No es algo exclusivo del Skoda, es común a todos lo PHEV (o al menos, de la mayoría del mercado), pero no por ello vamos a dejar de destacarlo: la etiqueta Cero trae consigo innumerables ventajas en materia de impuestos, descuentos más grandes gracias a las ayudas, a la hora de aparcar, para moverse en escenarios de alta contaminación, etc.

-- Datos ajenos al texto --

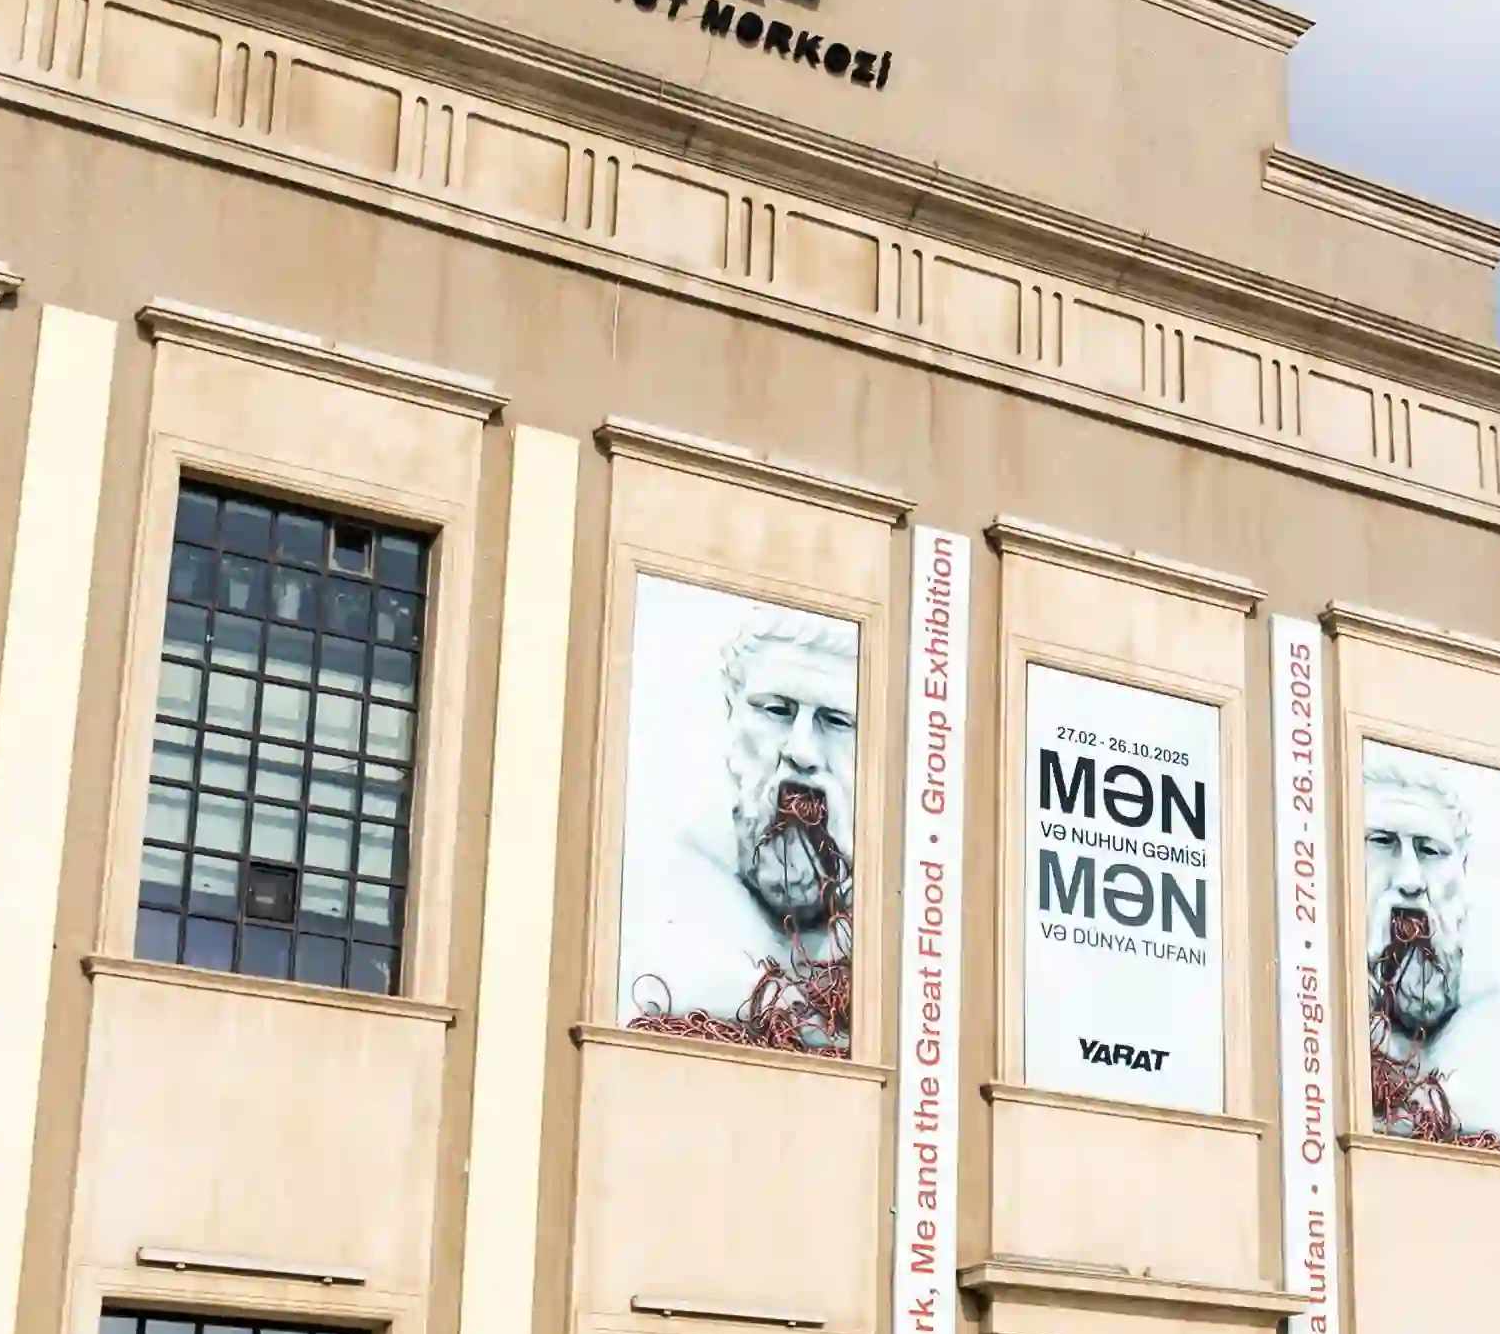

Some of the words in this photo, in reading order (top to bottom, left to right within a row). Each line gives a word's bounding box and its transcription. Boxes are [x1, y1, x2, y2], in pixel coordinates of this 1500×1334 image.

[924, 538, 952, 701] Exhibition
[922, 711, 952, 814] Group
[1057, 726, 1097, 747] 27.02
[1109, 737, 1190, 767] 26.10.2025
[1290, 643, 1313, 813] 26.10.2025
[1039, 747, 1206, 841] MƏN
[1040, 821, 1067, 841] VƏ
[1072, 827, 1138, 855] NUHUN
[1143, 842, 1206, 868] GƏMİSİ
[1294, 840, 1315, 923] 27.02
[918, 861, 944, 958] Flood
[1039, 848, 1206, 939] MƏN
[1040, 922, 1067, 941] VƏ
[1073, 926, 1137, 954] DÜNYA
[1142, 940, 1206, 967] TUFANI
[916, 967, 942, 1066] Great
[1078, 1036, 1170, 1072] YARAT
[914, 1077, 939, 1132] the
[1302, 1084, 1325, 1164] Qrup
[913, 1143, 938, 1210] and
[911, 1220, 936, 1274] Me

Una autonomía eléctrica mayor de lo habitual

Prueba del Skoda Octavia iV

Para hacerse con la preciada etiqueta hay que homologar un alcance eléctrico de al menos 40 kilómetros, algo que hace que ciertos modelos apuren para cumplir lo justo. El Octavia iV, gracias a su batería de 13 kWh, homologa una autonomía de 60 kilómetros, lo que asegura la posibilidad de circular en modo cero emisiones durante la mayoría de los trayectos del día a día.

Consumo bastante bajo

Prueba del Skoda Octavia iV

Gracias a todo lo mencionado, la berlina checa es capaz de homologar un consumo de apenas 1,2 – 1,4 l/100 kilómetros, cifras que, a tenor de lo visto en nuestra prueba, es capaz de conseguir en conducción real.

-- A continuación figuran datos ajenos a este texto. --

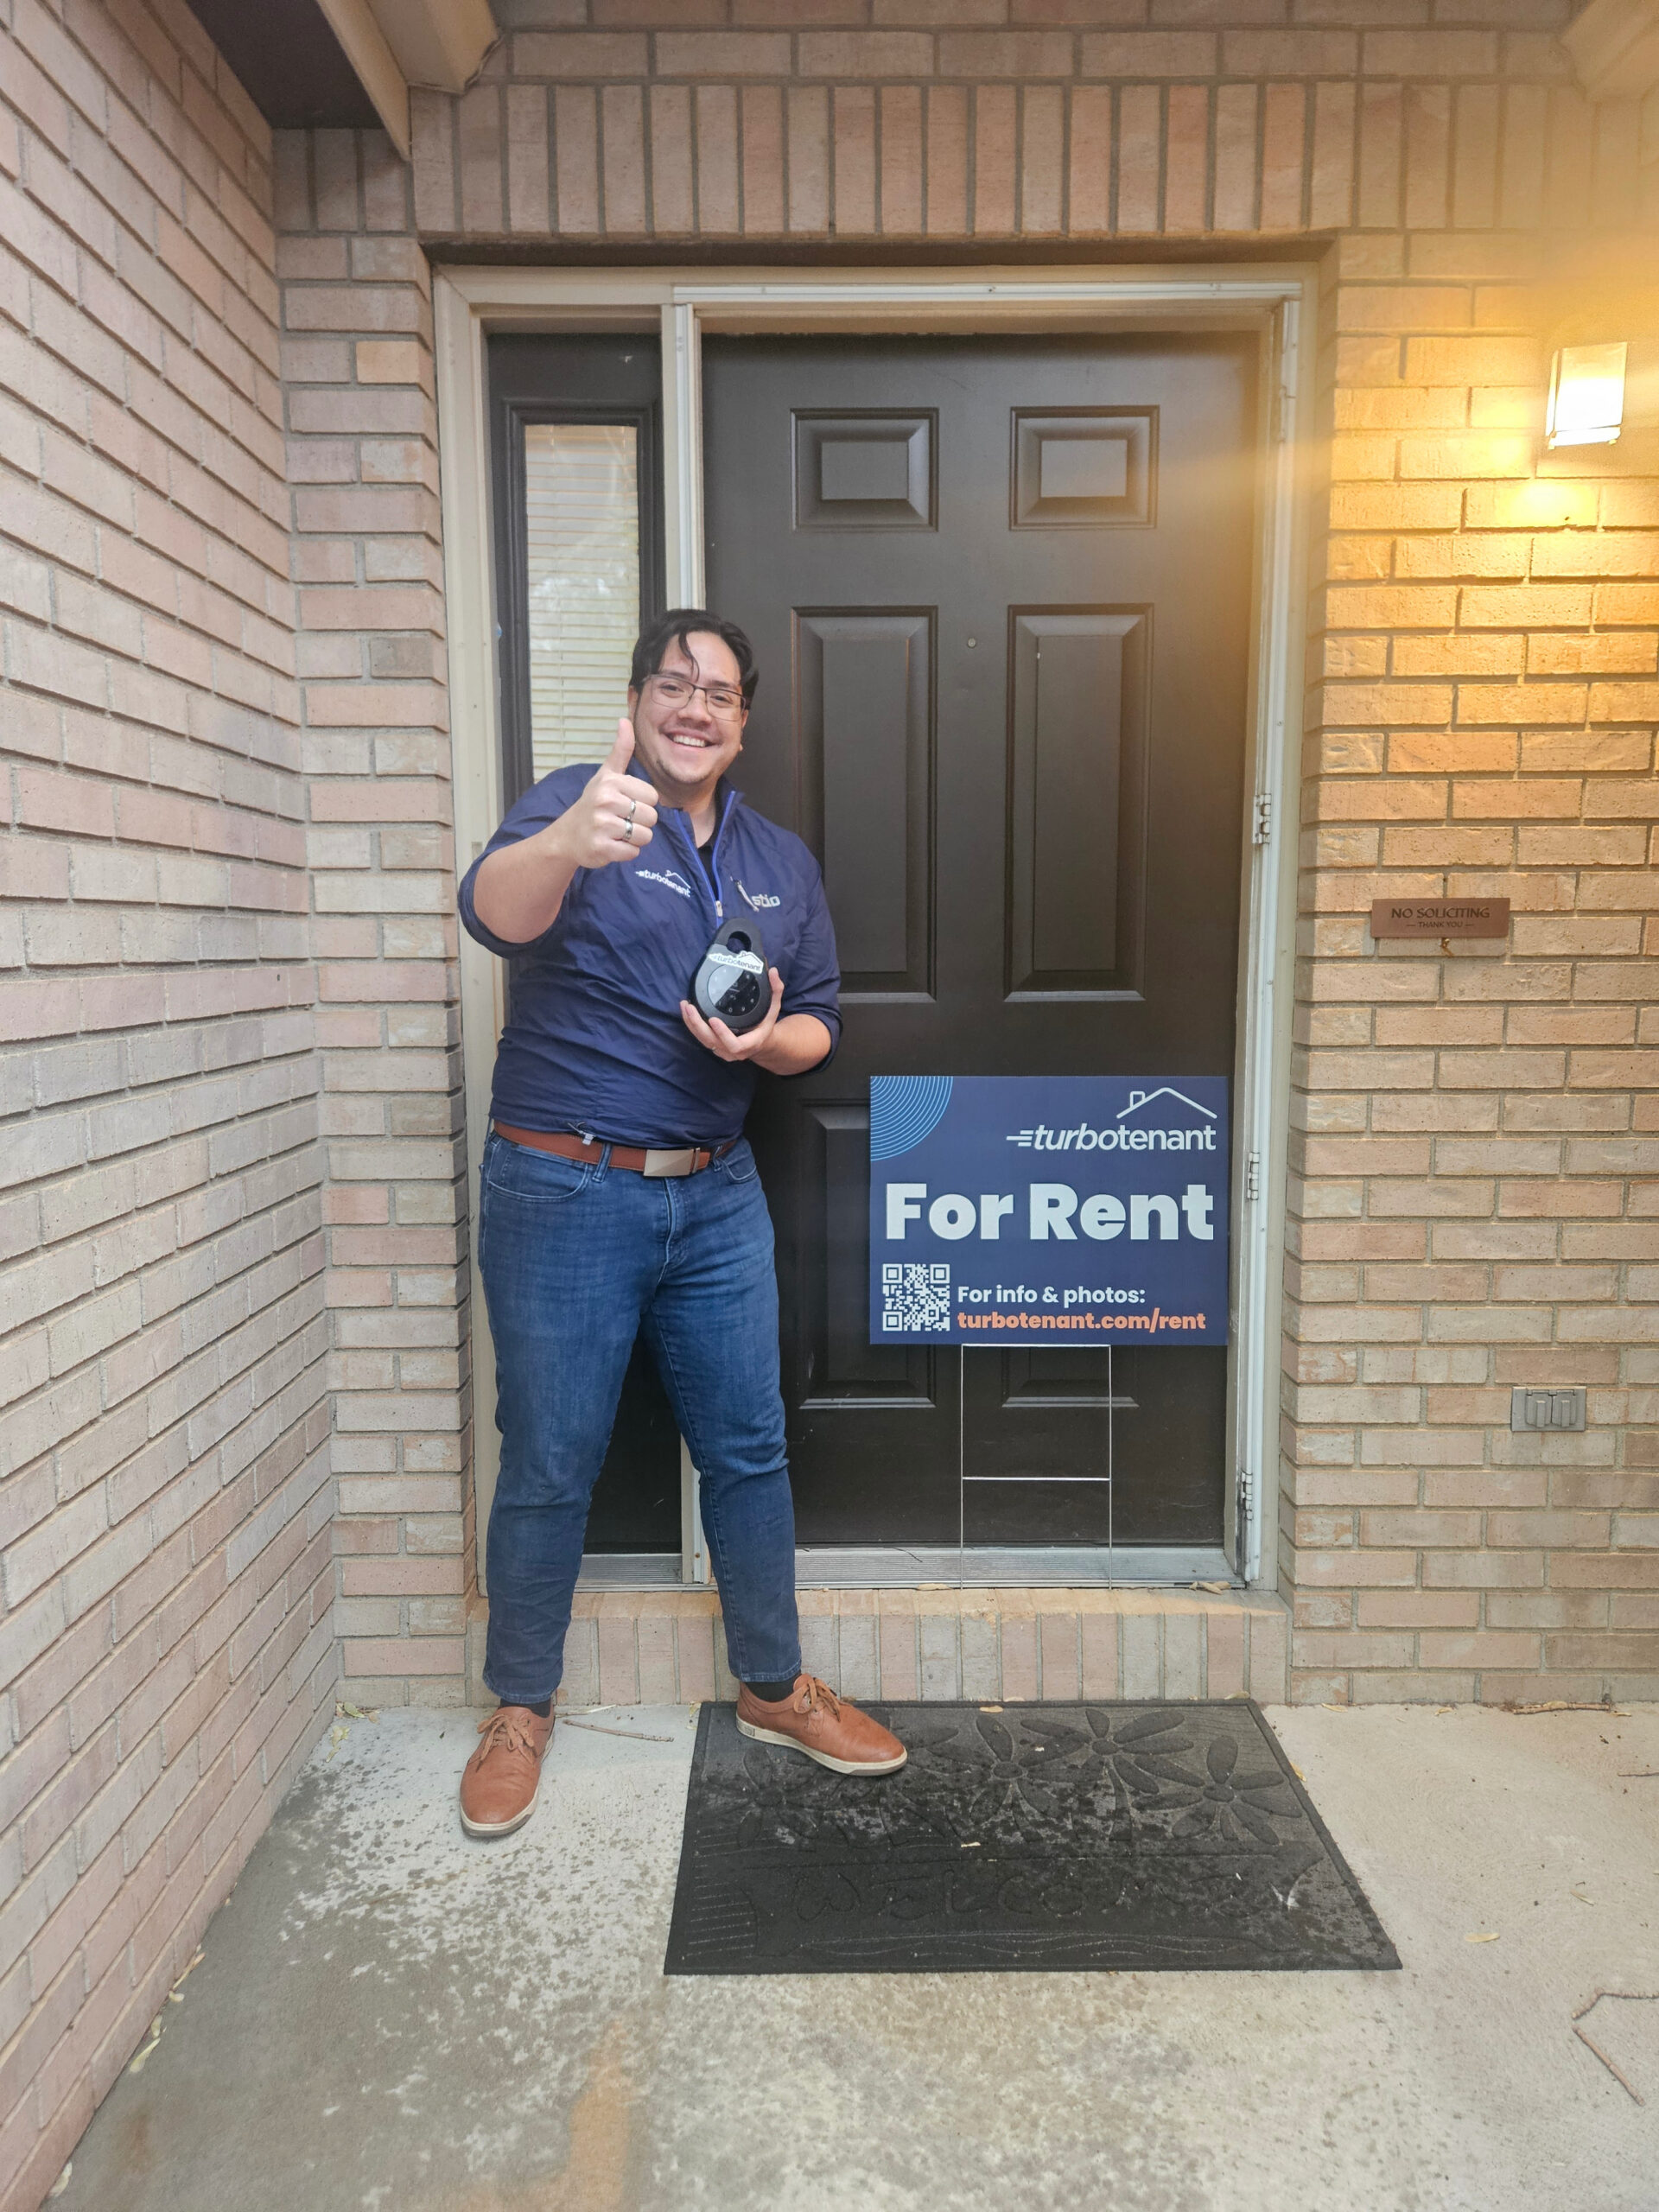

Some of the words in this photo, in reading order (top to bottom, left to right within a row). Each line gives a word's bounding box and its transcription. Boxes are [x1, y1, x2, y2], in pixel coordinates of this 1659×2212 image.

[1391, 907, 1414, 918] NO
[1416, 907, 1491, 918] SOLICITING
[1033, 1123, 1217, 1151] turbotenant
[886, 1183, 1014, 1242] For
[1029, 1183, 1214, 1241] Rent
[957, 1287, 992, 1303] For
[996, 1285, 1038, 1303] info
[1042, 1287, 1059, 1303] &
[1064, 1286, 1146, 1308] photos:
[957, 1308, 1206, 1333] turbotenant.com/rent

Prueba del Skoda Octavia iV: entra en la gama con enchufe

Un motor eléctrico con pegada

Prueba del Skoda Octavia iV

Del conjunto del sistema de propulsión, el bloque eléctrico destaca porque tiene una potencia bastante alta, de 115 CV, que es más que suficiente para mover el Octavia con soltura sin pasar apuro. Puede parecer algo obvio, pero en el mercado hay modelos en los que el motor de cero emisiones va bastante justo en este aspecto y se nota al circular “a pilas”.

Berlina o familiar

Skoda Octavia IV

La variedad de carrocerías siempre es un punto positivo, y el Skoda Octavia IV está disponible tanto en formato berlina como en familiar Combi. Como es habitual en la marca checa, la integración de la segunda es realmente buena, aumentando su versatilidad pero manteniendo un gran atletismo.

También en versión RS

Skoda Octavia IV

Lógicamente no va a suponer el grueso de ventas del Octavia PHEV, pero para los que quieran un plus de deportividad sin perder la etiqueta Cero, contar con una variante RS es una gran noticia. Tiene la misma potencia que el RS sin electrificar, 245 CV, pero es más rápido que este, necesitando solo 7,3 segundos para acelerar de 0 a 100 km/h (2,6 segundos menos que su hermano).

Defecto: menos maletero

Skoda Octavia IV

Es algo que va unido a la naturaleza híbrida enchufable: los elementos extra que forman parte del sistema de propulsión perjudican el espacio, por norma general del maletero, aunque las marcas se esfuercen por minimizar su impacto negativo. A pesar de ello, el Skoda Octavia IV pierde 150 litros y se queda en 450 litros en su versión berlina y en 490 en la variante familiar.

Defecto: precio

Prueba del Skoda Octavia iV

Es otro “mal” común al sector de los híbridos enchufables, que todavía no ofrecen un precio amigable para todos los bolsillos: la berlina está disponible desde 36.420 euros y el familiar desde 37.120 euros, cantidades que aumentan hasta 40.540 y 41.200 euros, respectivamente, si hablamos de los RS.